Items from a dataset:
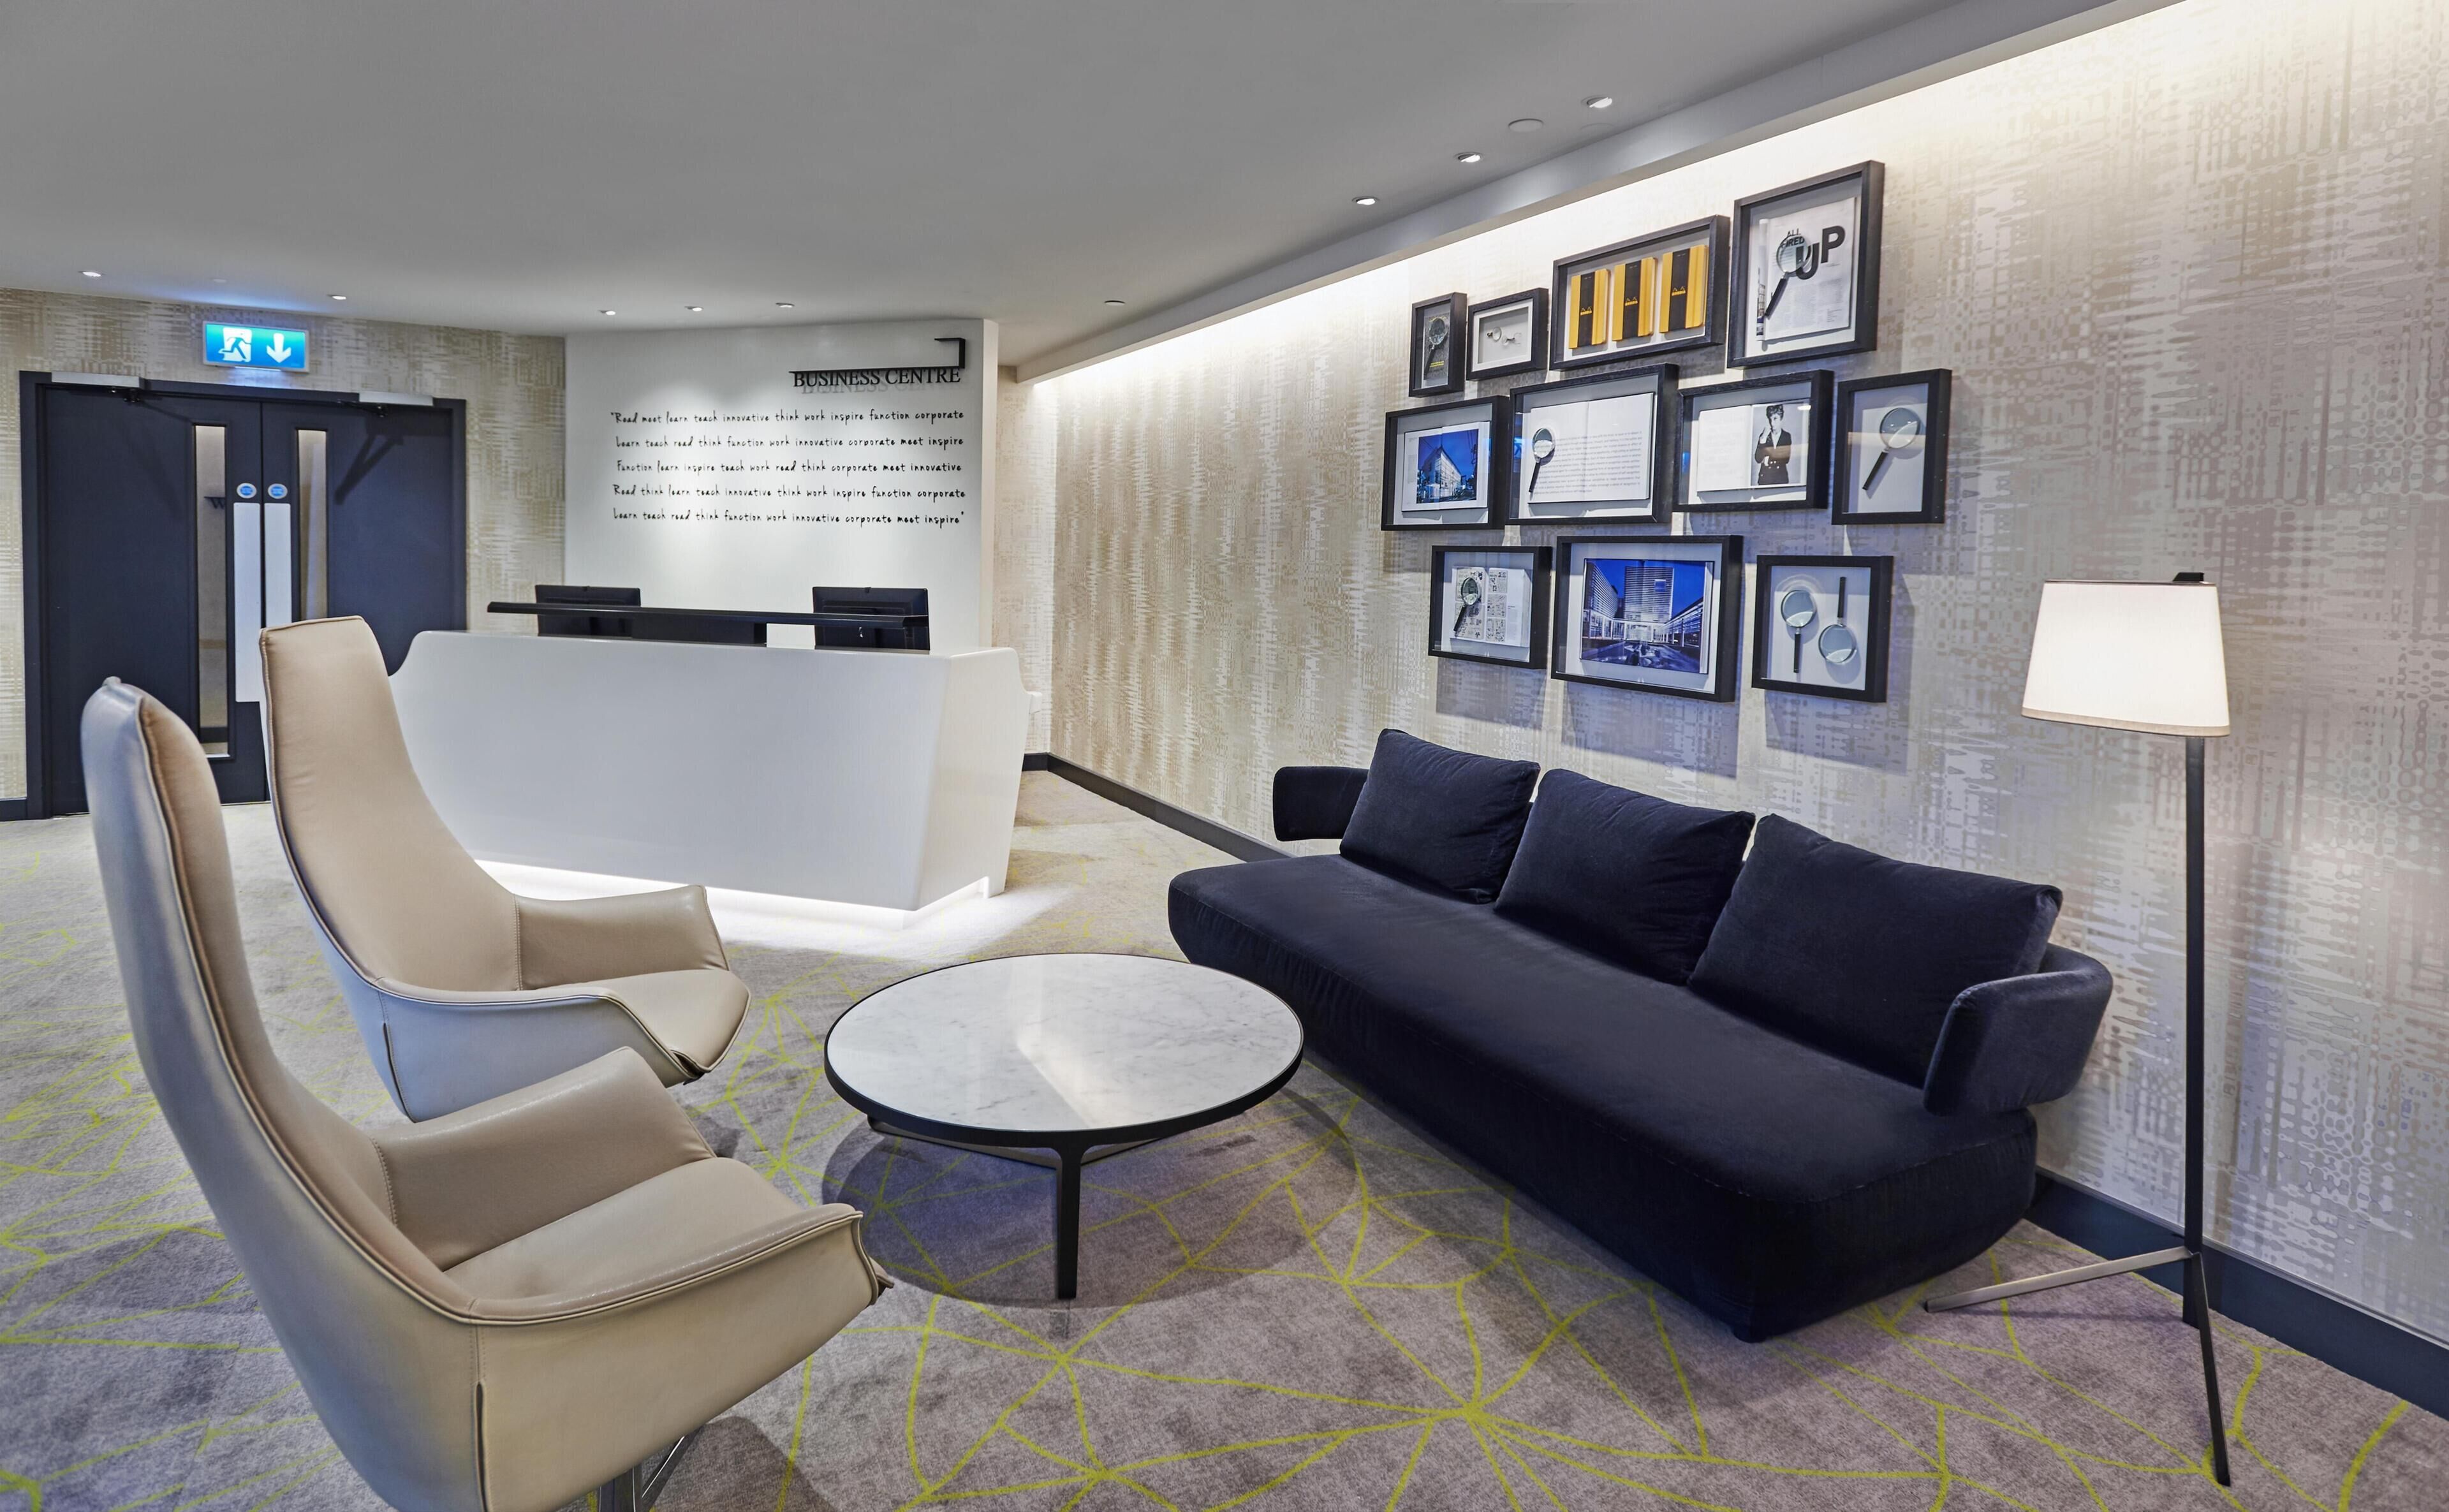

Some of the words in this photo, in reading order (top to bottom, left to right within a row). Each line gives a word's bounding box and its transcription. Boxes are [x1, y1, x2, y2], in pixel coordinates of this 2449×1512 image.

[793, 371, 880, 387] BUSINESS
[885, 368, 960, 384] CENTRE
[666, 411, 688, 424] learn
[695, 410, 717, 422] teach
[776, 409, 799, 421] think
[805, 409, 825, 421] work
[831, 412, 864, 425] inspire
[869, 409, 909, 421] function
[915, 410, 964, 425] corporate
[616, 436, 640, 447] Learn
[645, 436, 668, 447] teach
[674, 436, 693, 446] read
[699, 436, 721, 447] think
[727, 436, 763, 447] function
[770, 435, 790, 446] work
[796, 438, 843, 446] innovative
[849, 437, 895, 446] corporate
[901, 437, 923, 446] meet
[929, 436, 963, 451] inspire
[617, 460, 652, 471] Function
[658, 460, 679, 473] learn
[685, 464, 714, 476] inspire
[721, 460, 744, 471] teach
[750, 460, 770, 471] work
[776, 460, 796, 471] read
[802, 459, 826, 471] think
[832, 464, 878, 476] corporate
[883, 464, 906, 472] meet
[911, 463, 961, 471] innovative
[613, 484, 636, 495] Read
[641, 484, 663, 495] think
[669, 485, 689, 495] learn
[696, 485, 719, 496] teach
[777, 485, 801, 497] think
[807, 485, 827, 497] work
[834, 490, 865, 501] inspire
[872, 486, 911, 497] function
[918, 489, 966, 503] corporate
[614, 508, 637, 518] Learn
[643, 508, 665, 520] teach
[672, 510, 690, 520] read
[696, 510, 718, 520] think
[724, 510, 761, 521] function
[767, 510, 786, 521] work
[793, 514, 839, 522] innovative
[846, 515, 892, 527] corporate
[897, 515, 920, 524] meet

Work item:
Please output all of the data exactly as given, omitting any images it holds.

Finished task:
Some of the words in this photo, in reading order (top to bottom, left to right within a row). Each line gives a word's bounding box and its transcription. Boxes are [x1, y1, x2, y2], in pixel coordinates of this 2449×1512 image.

[793, 371, 880, 387] BUSINESS
[885, 368, 960, 384] CENTRE
[666, 411, 688, 424] learn
[695, 410, 717, 422] teach
[776, 409, 799, 421] think
[805, 409, 825, 421] work
[831, 412, 864, 425] inspire
[869, 409, 909, 421] function
[915, 410, 964, 425] corporate
[616, 436, 640, 447] Learn
[645, 436, 668, 447] teach
[674, 436, 693, 446] read
[699, 436, 721, 447] think
[727, 436, 763, 447] function
[770, 435, 790, 446] work
[796, 438, 843, 446] innovative
[849, 437, 895, 446] corporate
[901, 437, 923, 446] meet
[929, 436, 963, 451] inspire
[617, 460, 652, 471] Function
[658, 460, 679, 473] learn
[685, 464, 714, 476] inspire
[721, 460, 744, 471] teach
[750, 460, 770, 471] work
[776, 460, 796, 471] read
[802, 459, 826, 471] think
[832, 464, 878, 476] corporate
[883, 464, 906, 472] meet
[911, 463, 961, 471] innovative
[613, 484, 636, 495] Read
[641, 484, 663, 495] think
[669, 485, 689, 495] learn
[696, 485, 719, 496] teach
[777, 485, 801, 497] think
[807, 485, 827, 497] work
[834, 490, 865, 501] inspire
[872, 486, 911, 497] function
[918, 489, 966, 503] corporate
[614, 508, 637, 518] Learn
[643, 508, 665, 520] teach
[672, 510, 690, 520] read
[696, 510, 718, 520] think
[724, 510, 761, 521] function
[767, 510, 786, 521] work
[793, 514, 839, 522] innovative
[846, 515, 892, 527] corporate
[897, 515, 920, 524] meet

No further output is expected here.